Why Trading Cryptocurrencies is Not a Good Idea

2023-03-15

Lately, I’ve been troubled by the pain of poverty for a long time, but I don’t think trading cryptocurrencies is a good way to gain wealth. Especially short-term operations and various leveraged contract trades.

The cryptocurrency world is like a casino filled with the temptation of money, with major exchanges and various DeFi Dapps being the games on the gambling table. Gamblers might win or lose money, but ultimately, it’s the casino that makes money. Very few gamblers can leave the table unscathed.

Smart people only treat cryptocurrencies as a financial tool, allocating a portion of their disposable assets based on investment nature. Long-term operations can be considered investments, but short-term trading is just gambling.

The fundamental reason for this phenomenon is that no one can predict the market trend.

Many people like to analyze the market changes with sound reasoning after they occur, discussing the favorable news, technical trends, and cyclical patterns. The biggest commonality of these analyses is that they are all retrospective. Before things happen, no one knows what will happen. Look at the several black swan events in the past year; how many were predicted by economists or blockchain scientists?

The reason is simple: no one can predict the future.

Moreover, if those self-proclaimed quant masters and market trend predictors really possessed the wealth code, why would they reveal it? Why are they eager for everyone to know? It indicates that they are just guessing, and the benefits of increasing their popularity outweigh the profits from the so-called wealth code.

From an investment perspective, the returns from cryptocurrency trading are quite limited, yet it requires bearing extremely high risks. Compared to traditional funds and stocks, the fluctuations are much larger, but the volatility of cryptocurrency markets is still far from the level that would make someone wealthy overnight. Perhaps ten years ago it was possible, but if you went back ten years, would you really dare to buy?

It’s easy to see everything clearly from the peak of history, but as a participant in history, it’s very difficult to be ahead of the times, requiring extraordinary vision and courage.

Additionally, the wild development of cryptocurrencies has somewhat deviated from the realm of value investing. The rise and fall of the market and the bull and bear cycles are not due to changes in people’s perception of cryptocurrencies themselves, at least not in recent years. They are mostly influenced by the Federal Reserve’s monetary policy. In other words, the current cryptocurrency market is only this big, and unless the market capacity is expanded, new chains are just competing for market share with existing chains.

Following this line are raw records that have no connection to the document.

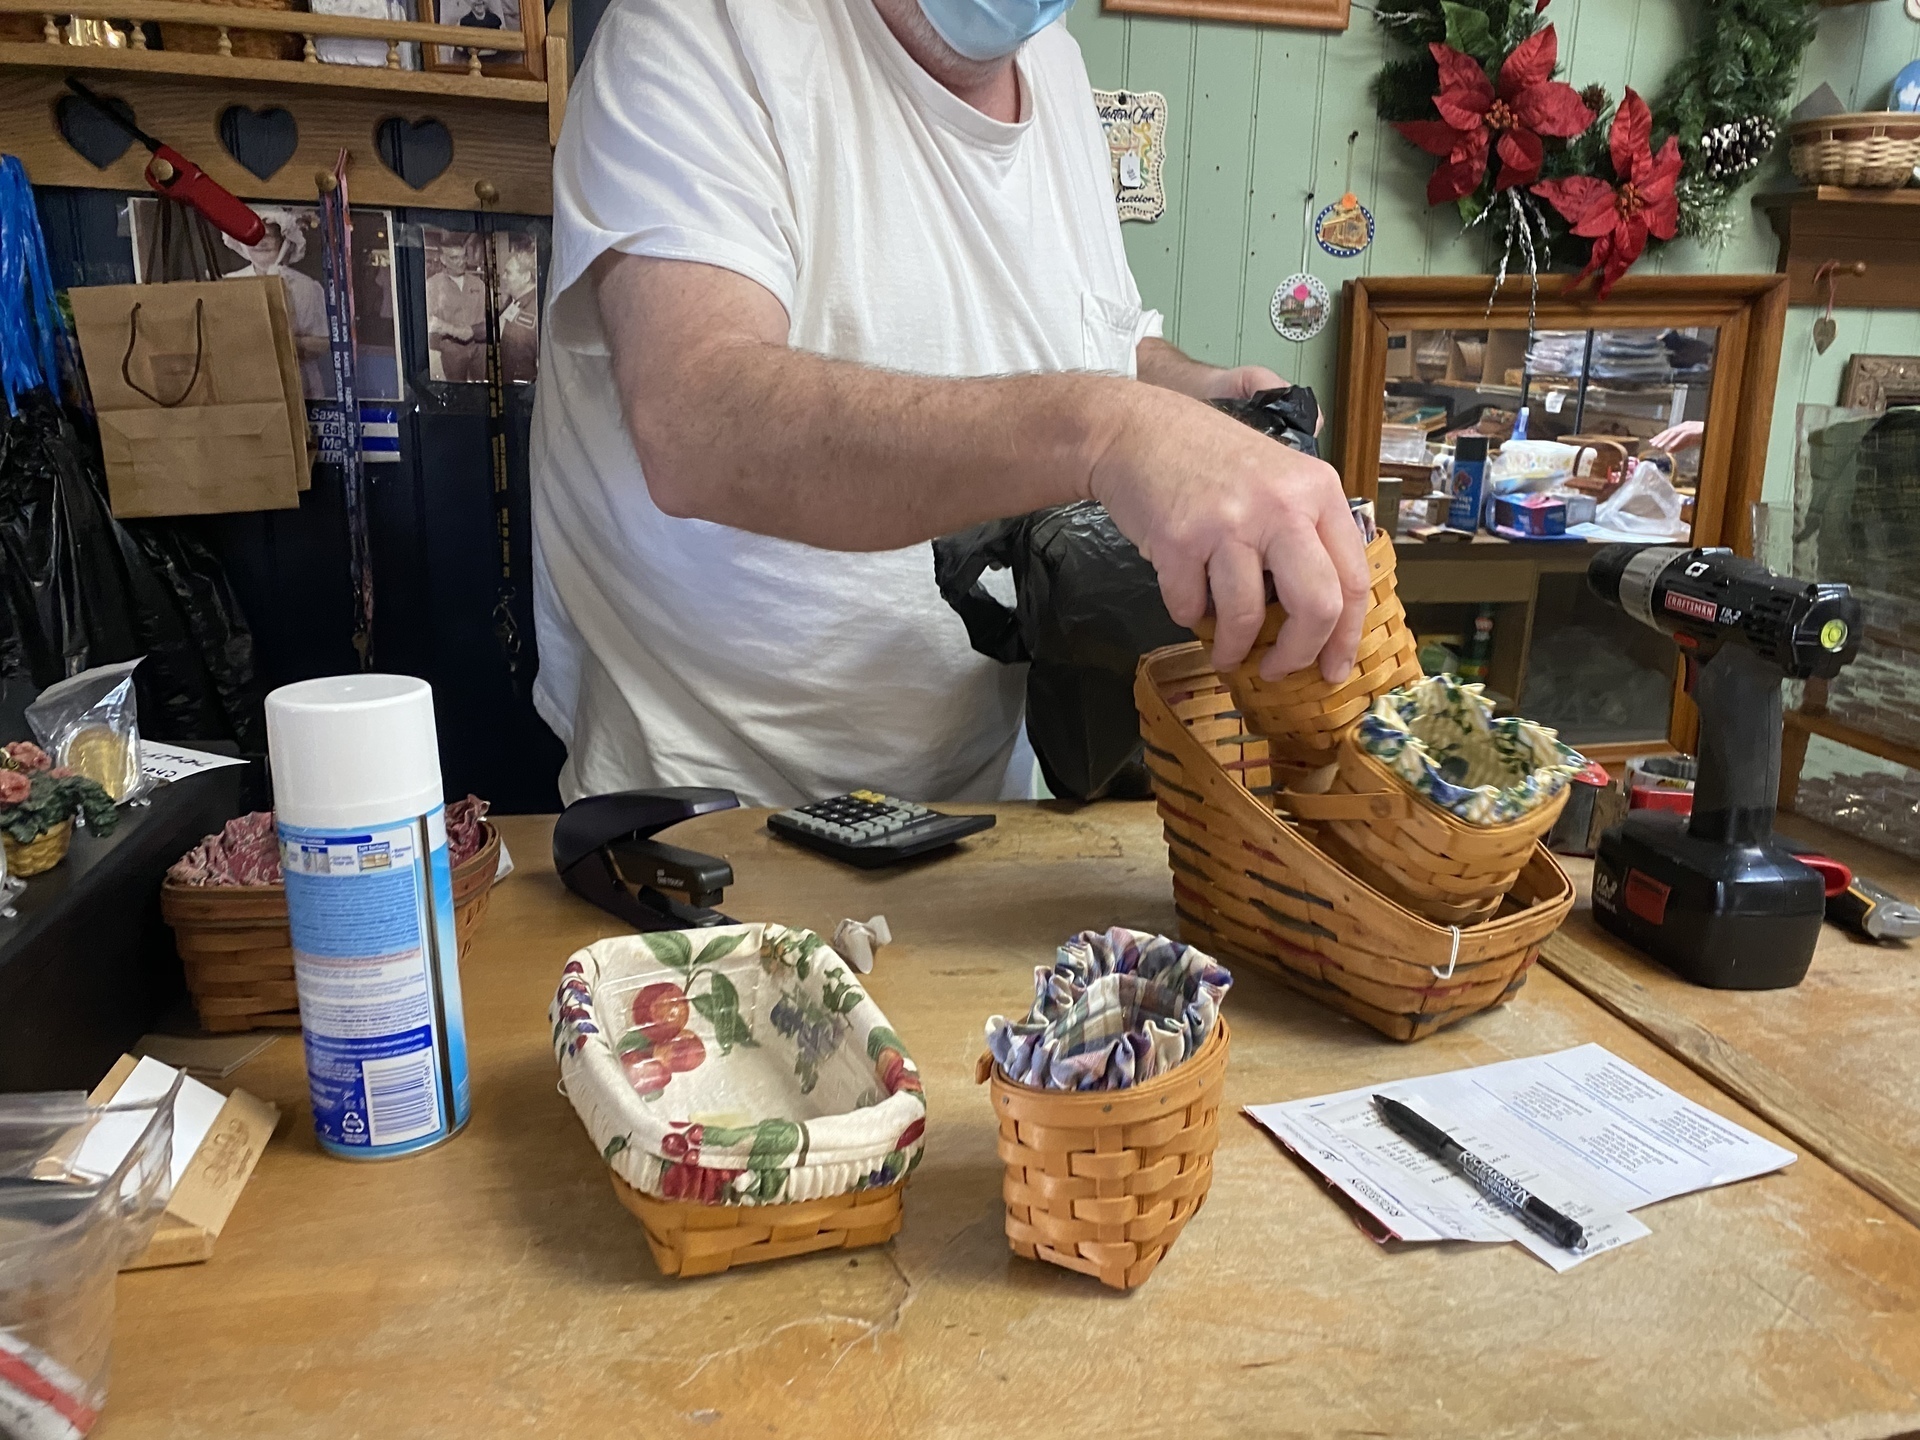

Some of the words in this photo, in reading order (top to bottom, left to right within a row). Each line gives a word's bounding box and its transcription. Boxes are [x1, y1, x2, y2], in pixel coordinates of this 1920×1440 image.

[1115, 192, 1156, 204] bration
[309, 408, 340, 421] Says
[1666, 594, 1715, 618] CRAFTSMAN
[1458, 1150, 1533, 1208] RICHARDSON
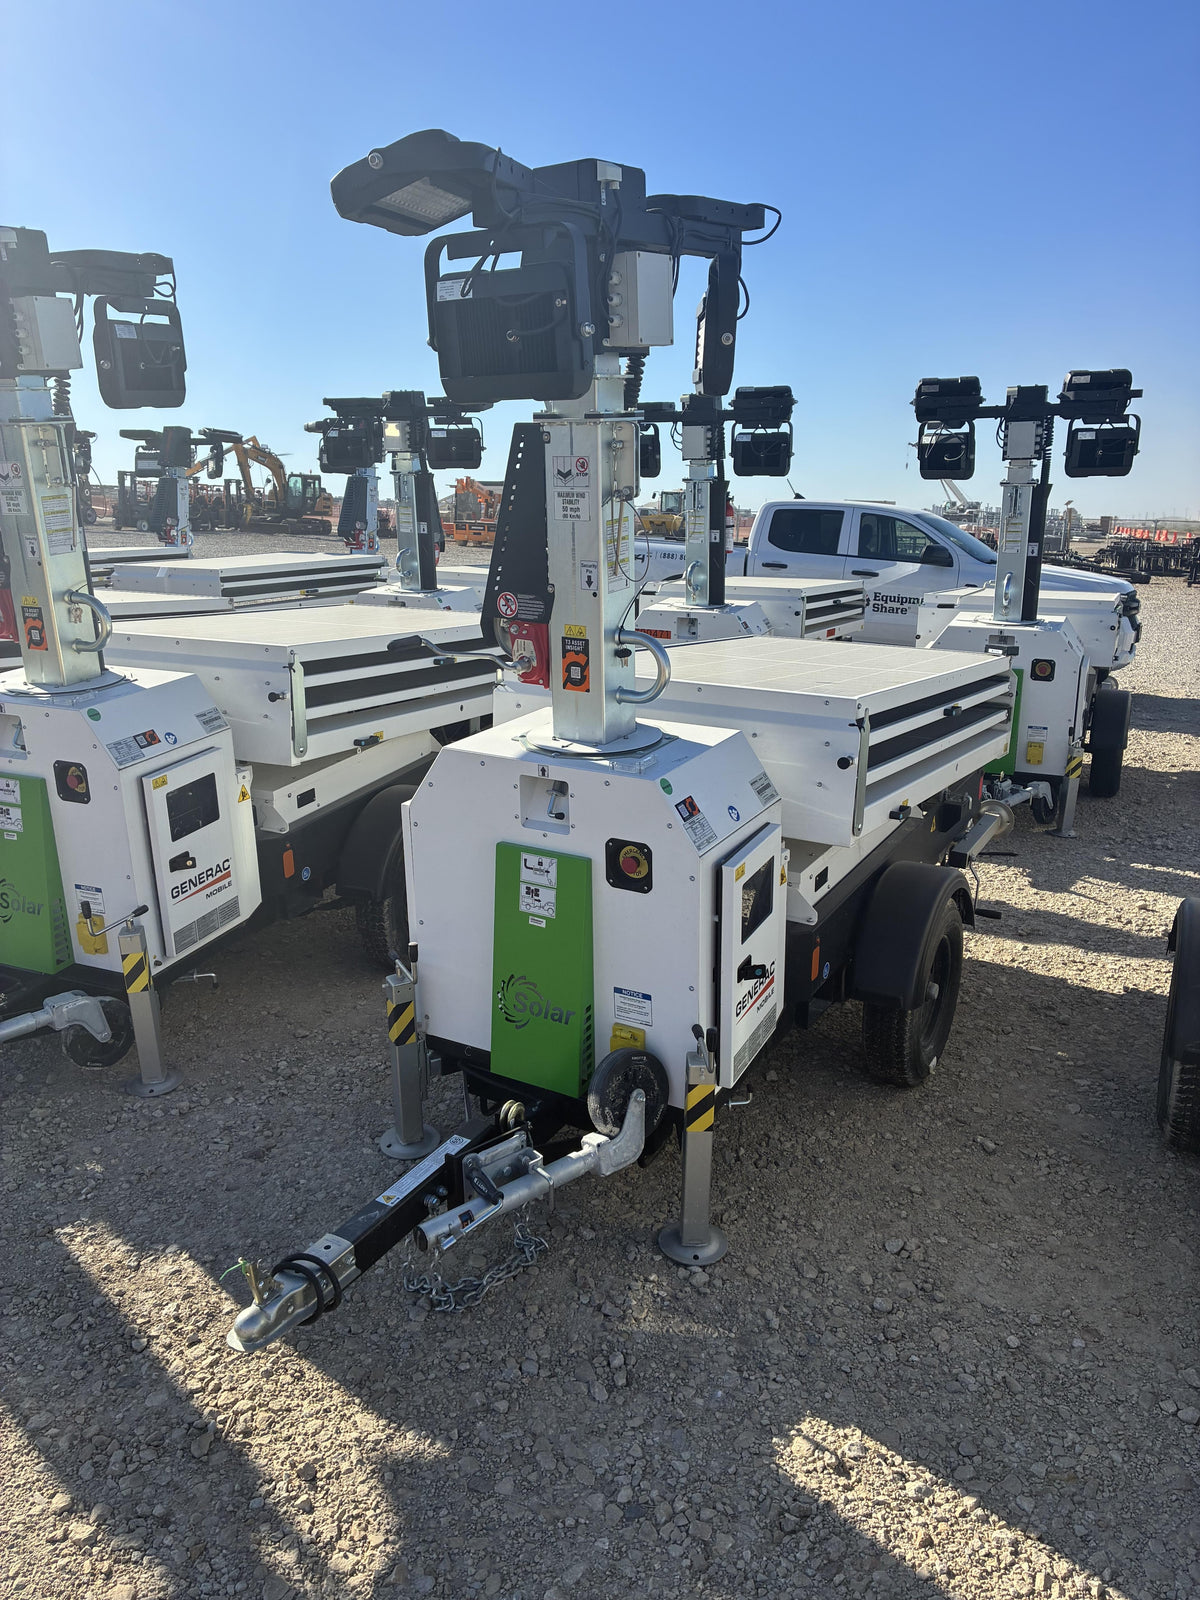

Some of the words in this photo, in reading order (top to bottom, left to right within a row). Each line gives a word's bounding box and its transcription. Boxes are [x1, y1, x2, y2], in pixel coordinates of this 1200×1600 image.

[562, 505, 569, 513] 50
[872, 603, 908, 615] Share
[171, 858, 231, 900] GENERAC
[205, 880, 232, 900] MOBILE
[0, 892, 44, 916] Solar
[621, 989, 643, 999] NOTICE
[756, 986, 775, 1014] MOBILE
[514, 991, 577, 1026] Solar

Therefore, the opportunities to expand the crypto market lie in Web 3.0 and the metaverse. More people from non-crypto industries need to participate in the crypto market.

The only way to consistently profit from trading cryptocurrencies is through insider trading, which requires sources of information at that level. KOLs (Key Opinion Leaders) can influence the market to some extent. If a KOL has a huge number of followers, they can guide their followers to concentrate on a certain point, which is also a form of market manipulation. Ultimately, those who follow the trend are not the ones who profit, making it unreliable.

As for why it’s important to care about trading cryptocurrencies, it’s because work itself cannot make you wealthy. Working can be a process of accumulating wealth, but it won’t result in sudden wealth growth. It’s necessary to think and look for opportunities that can bring more returns.

Regarding the logic of running a business, typically, a company starts with investors’ money and then returns the profits to shareholders once it becomes profitable. Companies often have multiple product lines, and as long as the overall revenue exceeds the costs, the company can survive.

In fact, companies are also conflicted when it comes to layoffs. If due to profitability issues, a product line needs to be cut, the dilemma lies in whether to endure this difficult period, hoping the product might bring more profits in the future, or risk more losses by not cutting it in time. If it’s directly cut, more costs will be incurred to develop such a product line again in the future.

Another dilemma in layoffs is when one person scores 60 in field A and another scores 80 in field B. Now, if the entire product line of field B is cut, all people in field B are laid off, meaning the company loses more capable people. Therefore, layoffs are difficult and are closely related to the company’s operational situation and strategic direction.

In conclusion, trading cryptocurrencies is not advisable, and blindly relying on the company where you work is also not advisable.